I got a different impression from the video. What I heard was that our hearing/perception system are very sophisticated, much more sophisticated than most people realize, and these complexities need to be considered in addition to the standard measurements like frequency response and noise level. There are many people who claim that if you cannot see a difference in these standard measurements then there must not be any difference in the sound. His point is simply that is a very simplistic view of a very complex hearing/perception system. Most of the video were just examples that helped prove that point.
From looking at the video and the paper it seems to me the strong messages from the video do not match 100% the messages in the paper it is based on; so at least as far as I understood it, there appears to be a level of interpretation introduced by the author of the YT video.
In any case I'd suggest anyone interested watching the video not to take it for granted, but to take the time to read the paper it is based on as well. I'd also encourage people to read other academic papers on similar topics too, because not all researchers share the same mind.
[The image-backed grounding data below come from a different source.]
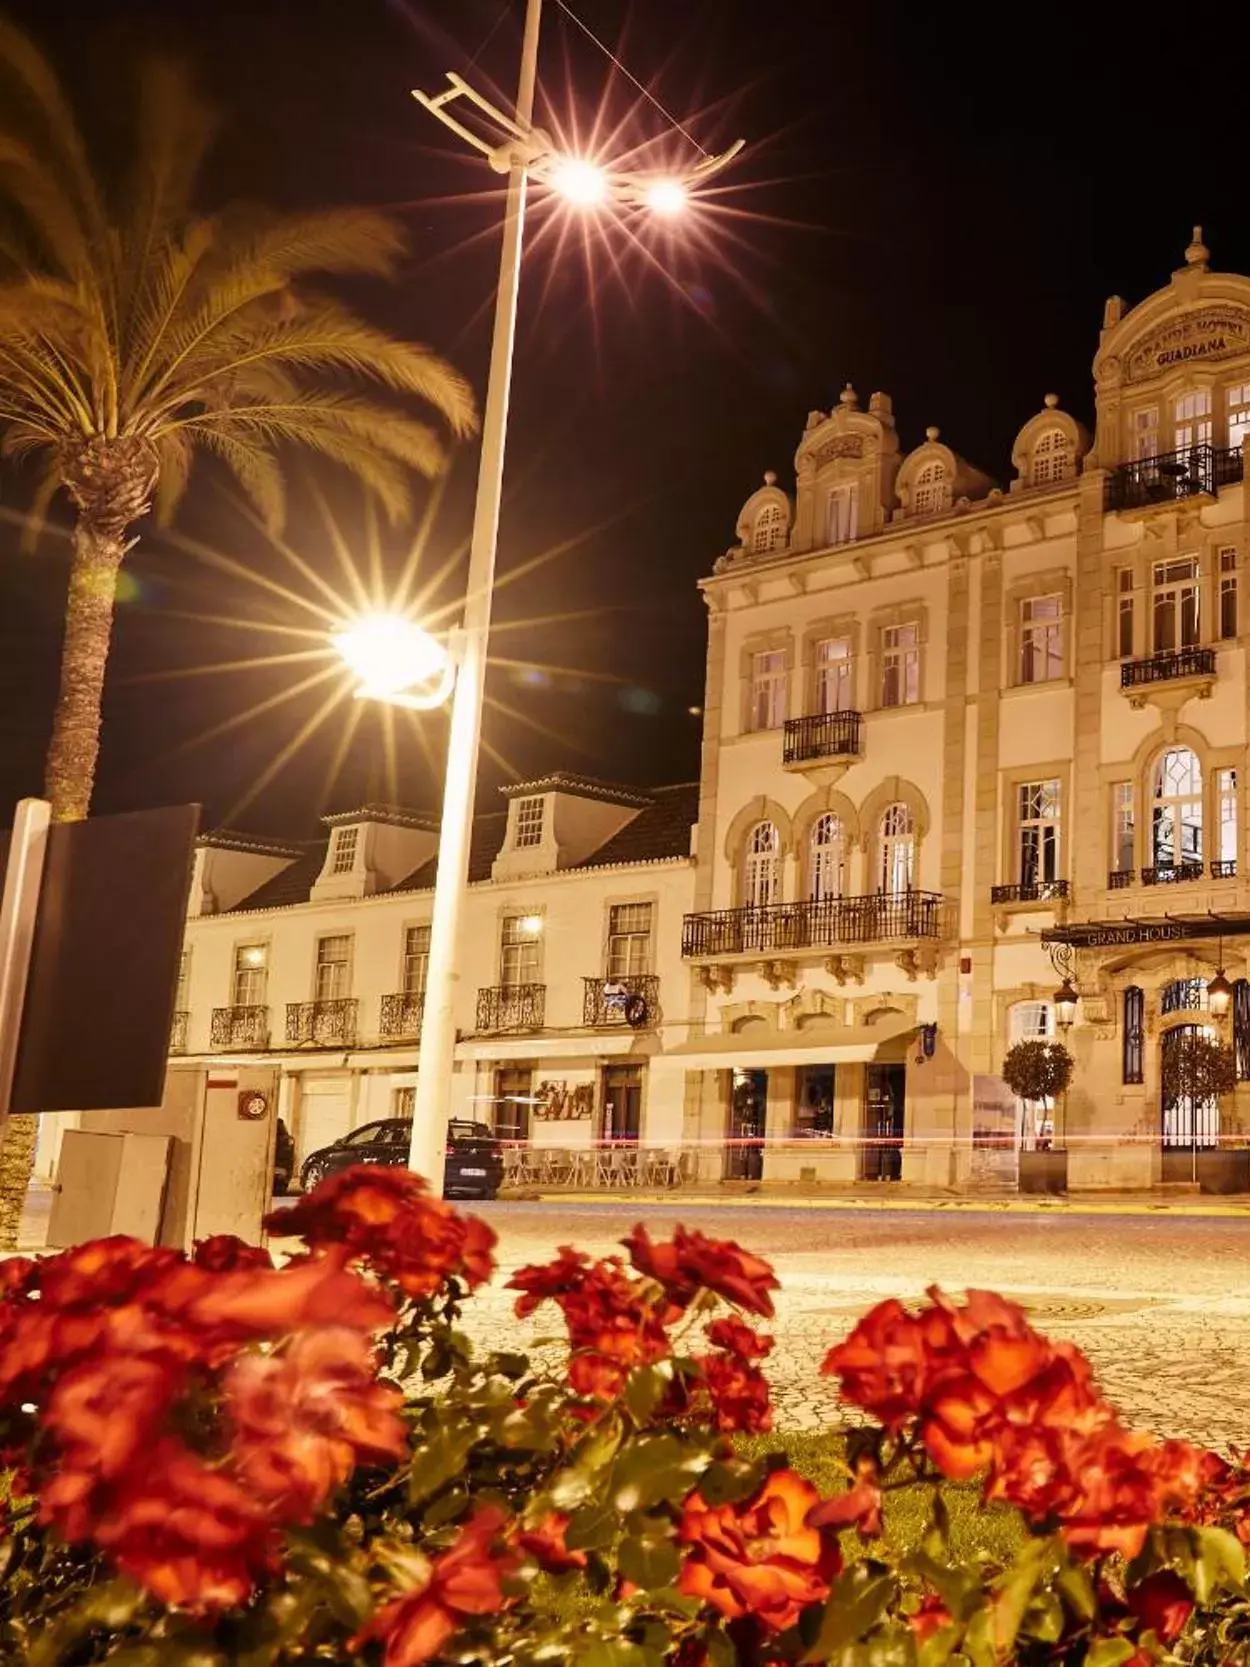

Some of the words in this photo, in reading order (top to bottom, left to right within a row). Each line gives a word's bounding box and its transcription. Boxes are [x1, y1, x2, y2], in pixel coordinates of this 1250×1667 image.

[1157, 337, 1226, 366] GUADIANA
[1087, 929, 1136, 946] GRAND
[1139, 924, 1193, 942] HOUSE
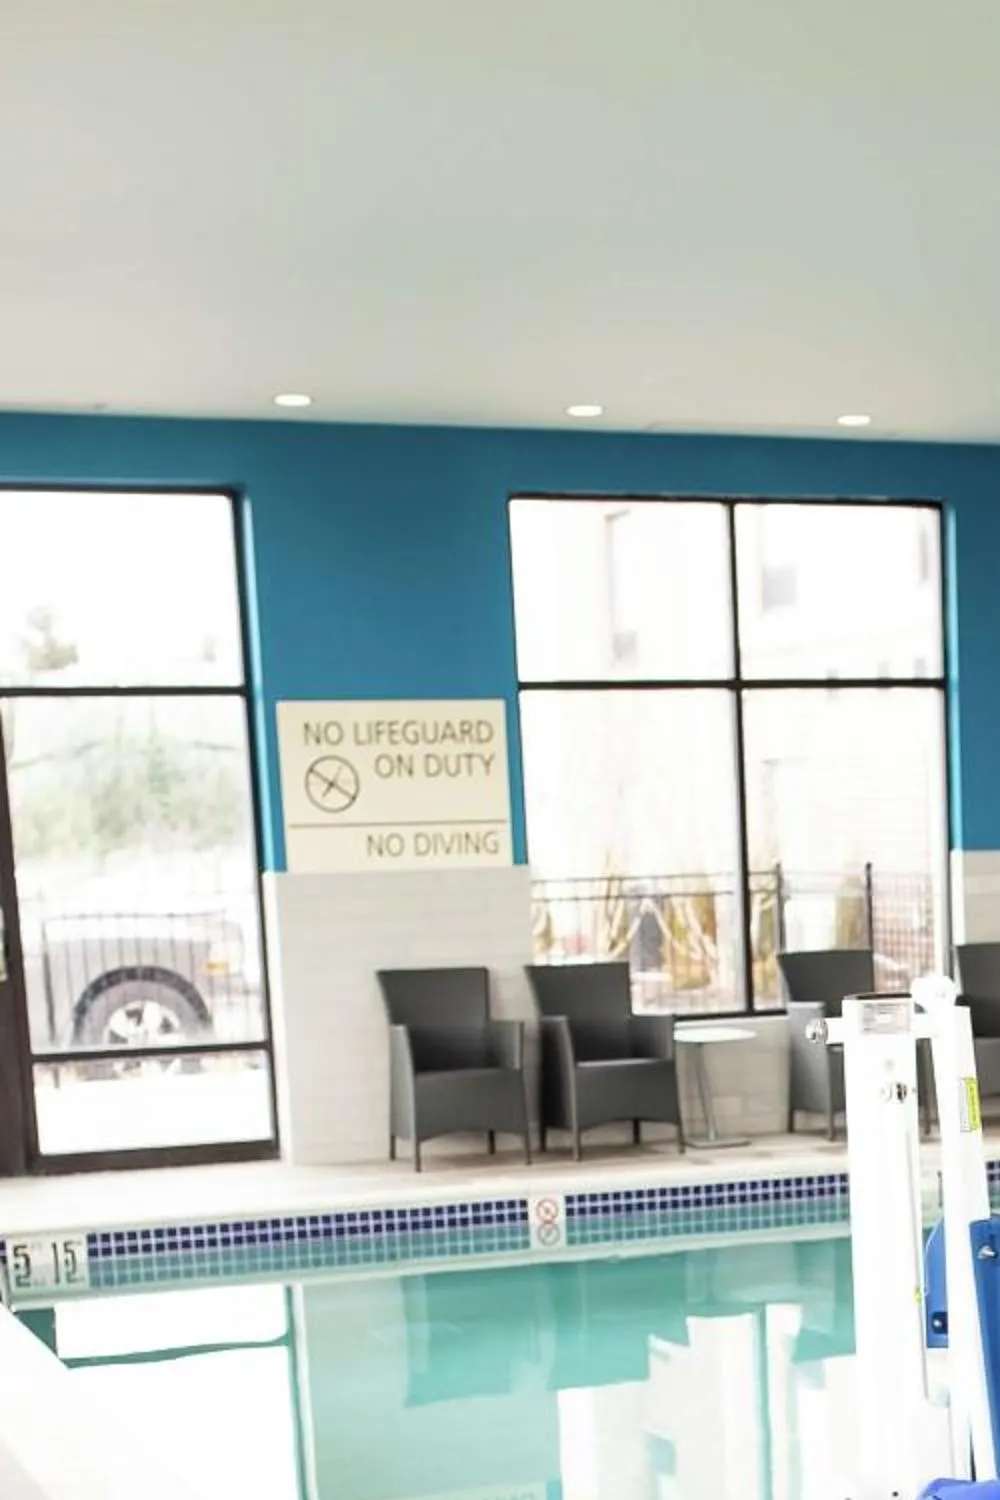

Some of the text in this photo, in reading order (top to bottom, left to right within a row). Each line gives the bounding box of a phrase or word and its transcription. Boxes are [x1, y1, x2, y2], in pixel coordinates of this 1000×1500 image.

[303, 719, 495, 746] NO LIFEGUARD
[374, 752, 496, 779] ON DUTY
[367, 830, 500, 857] NO DIVING
I don't see myself as competent enough to comment on the details of the content of the paper itself - the scientific community will either accept and build upon / or reject / or ignore its conclusions.
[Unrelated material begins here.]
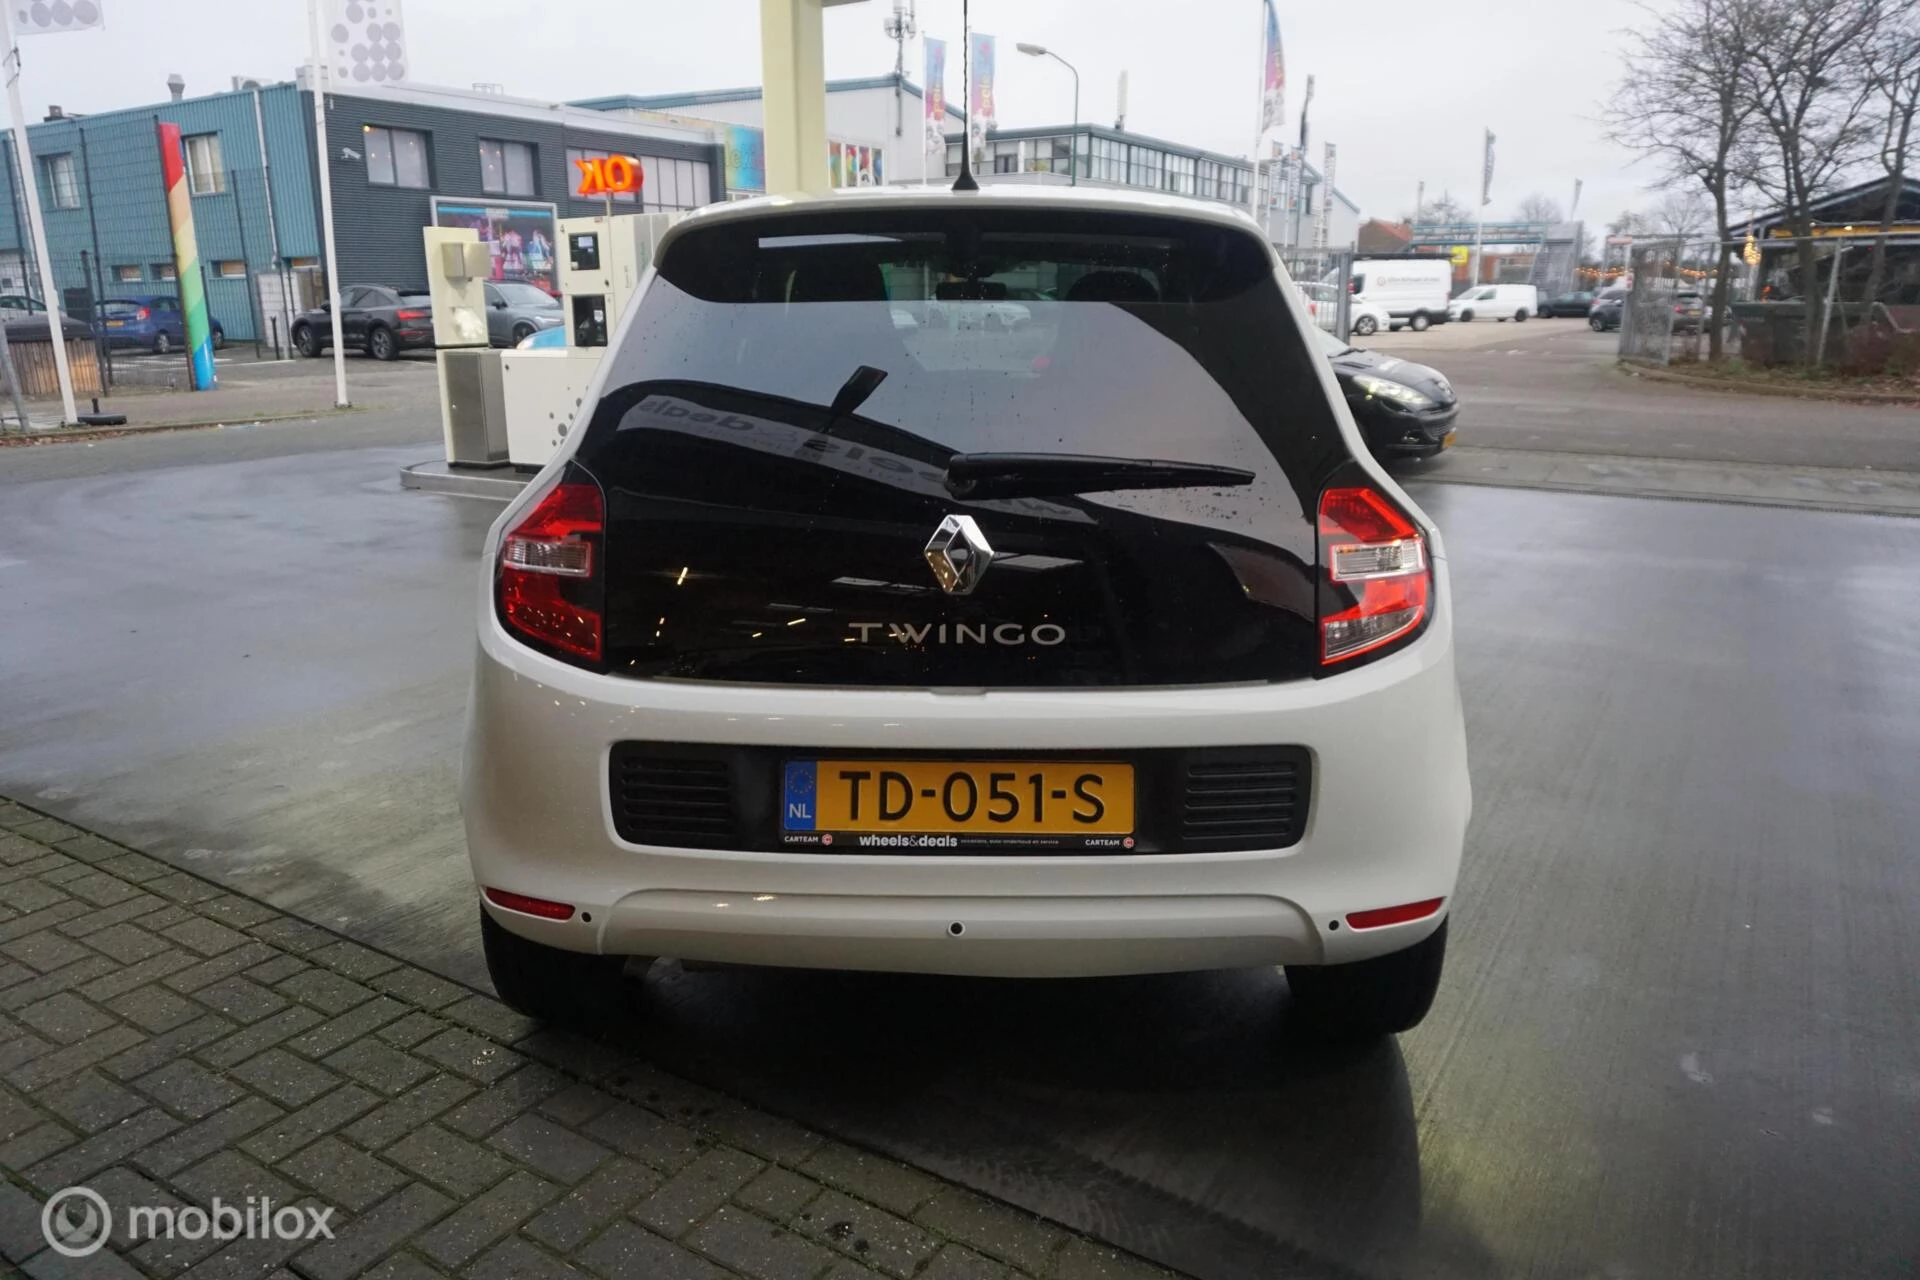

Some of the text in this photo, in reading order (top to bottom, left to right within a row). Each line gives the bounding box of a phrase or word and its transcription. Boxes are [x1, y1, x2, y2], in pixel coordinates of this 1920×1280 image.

What I heard was that our hearing/perception system are very sophisticated, much more sophisticated than most people realize
This part is true. I don't believe any person who did any kind of research in audio would try to negate this. But human auditory system has its limits too, and these are not quite as poorly understood as it is sometimes suggested. But not everything is understood either.
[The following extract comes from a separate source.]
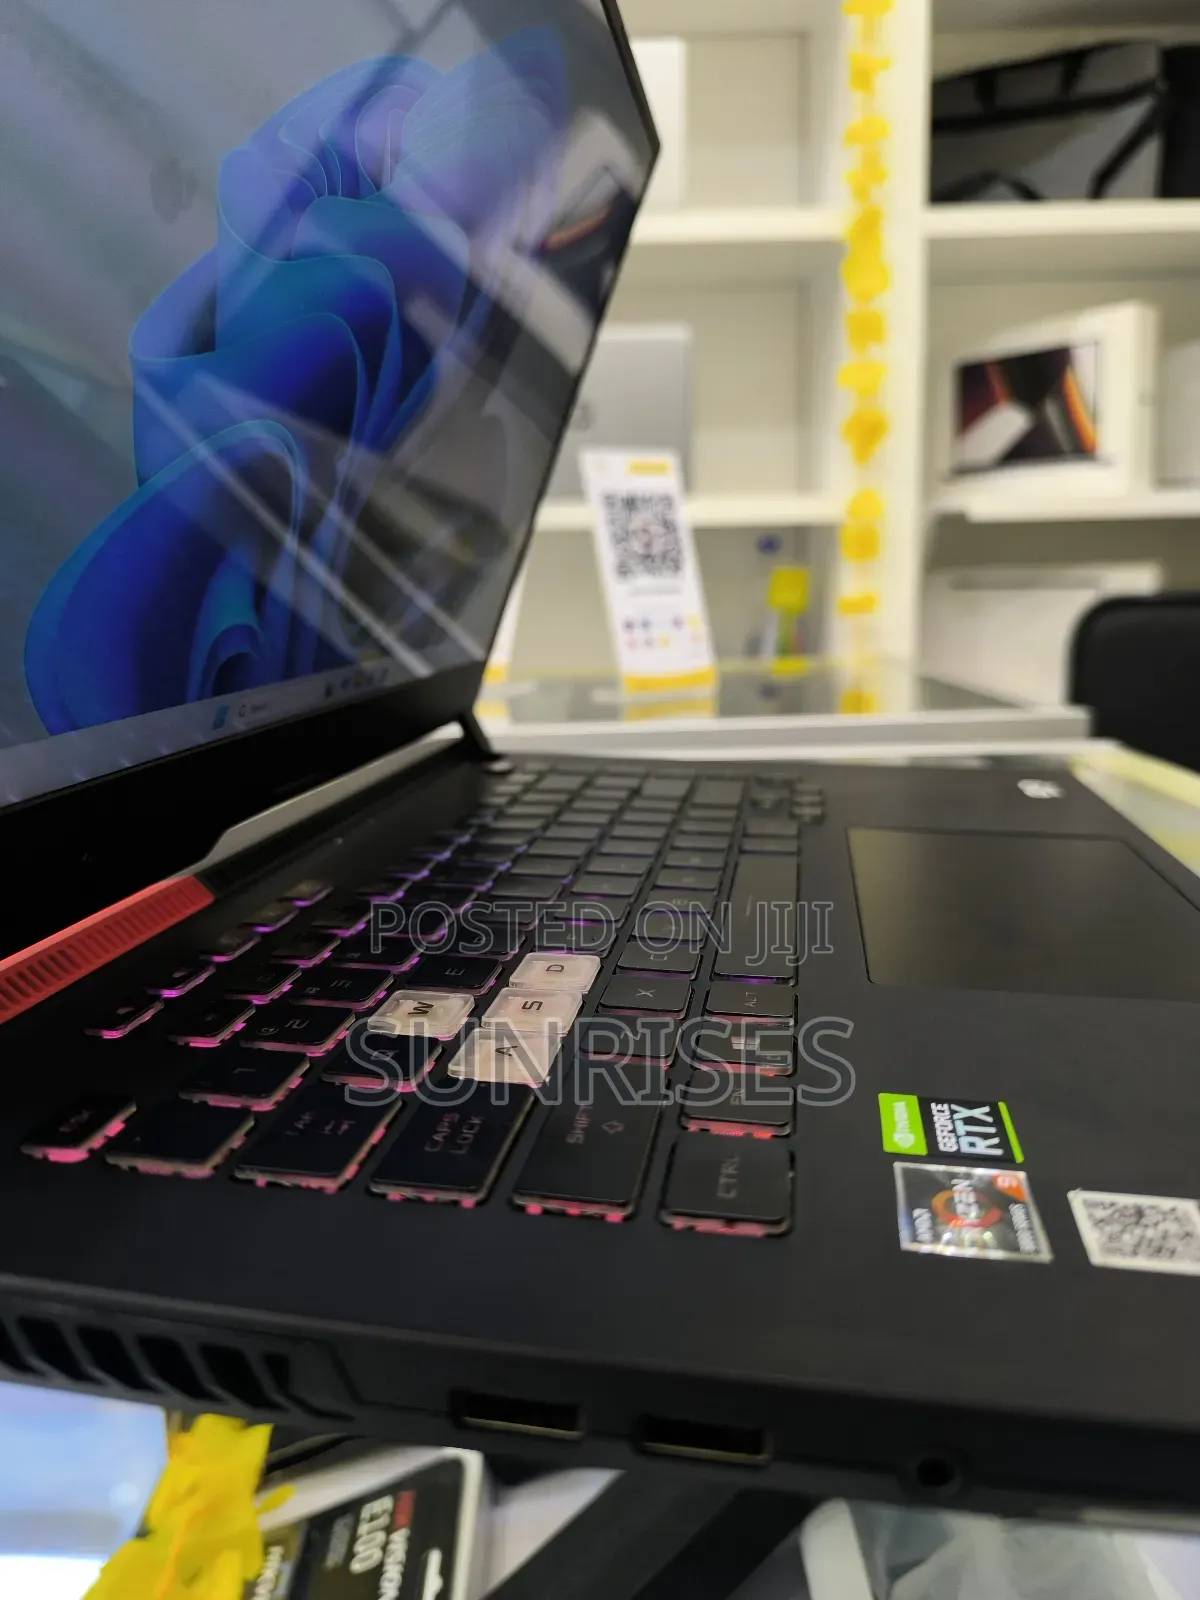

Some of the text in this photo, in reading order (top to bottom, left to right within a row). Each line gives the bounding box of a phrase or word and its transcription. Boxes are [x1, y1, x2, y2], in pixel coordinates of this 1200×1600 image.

these complexities need to be considered in addition to the standard measurements like frequency response and noise level.
In my experience professionals in the audio field try to do this.
Please also note that we are able to measure much more than just frequency response and noise level. A typical measurement suite will contain quite a few additional tests, depending of course on what kind of device is being tested.
However, in my experience it quickly becomes clear to most involved in auditory perception research that some of the tests have much more weight than others, because people tend to hear certain types of deviations much more easily than others. It would be silly to ignore this.
There are many people who claim that if you cannot see a difference in these standard measurements then there must not be any difference in the sound.
People claim all sorts of things. These claims are sometimes justified, but not always.
Most of the audio research articles I've read look quite different. To be honest, I haven't seen many (any?) serious research articles where some random device is measured and claims are made about how it sounds without listening tests.
In fact, many research articles in audio are very much focused on (controlled) listening tests. A lot of audio research in the last 100 or so years was looking at the mechanics and limits of human hearing perception, what causes audible differences, and what people prefer on average.
Results of such research are sometimes used to establish reasonable metrics/targets for device engineering. It is IMO a reasonable thing to do.
I thought the experiment of removing the first few microseconds of a recording and having the people who played it try to identify the instruments was particularly interesting. It showed that timing down to the microsecond was important. That is far outside the normal 20 to 20 K range that many people take as the definitive test of hearing ability. It is certainly a very unexpected result and I would love to know more about that experiment.
Are you aware that removing the first few microseconds of a recording (i.e. the initial transient) also changes the recording spectrum?
Note that the time-domain waveform and frequency-domain magnitude+phase response are inextricably and directly linked. If you change one, you also change the other (explained by Fourier transform in mathematics). So this may not be as unexpected as it can seem at first glance.
But it is absolutely an interesting test, and I'm sure it is valuable in better understanding human perception.
My take from the video is not that all things matter but that many more things matter than the simple test measurements typically reported and and relied on by some people. I agree with that conclusion.
People tend to oversimplify, I agree. But unfortunately people also tend to overcomplicate. Being human is filled with paradoxes.
Lastly, it is clear to me that it is unlikely most audio hobbyists would be willing to go through the hassle to setup a truly rigorous listening test just to see which device they prefer. That is IMHO reasonable and completely understandable. People are free to select whichever methodology they like when choosing devices to buy and own.
The part that always surprises me is not this; it is the fact that so many people in this hobby seem to think that completely uncontrolled listening tests are an equally valid (or even more valid) way to compare audio devices compared to controlled listening tests, and are willing to argument this to death - most without ever having truly researched or experienced the alternative.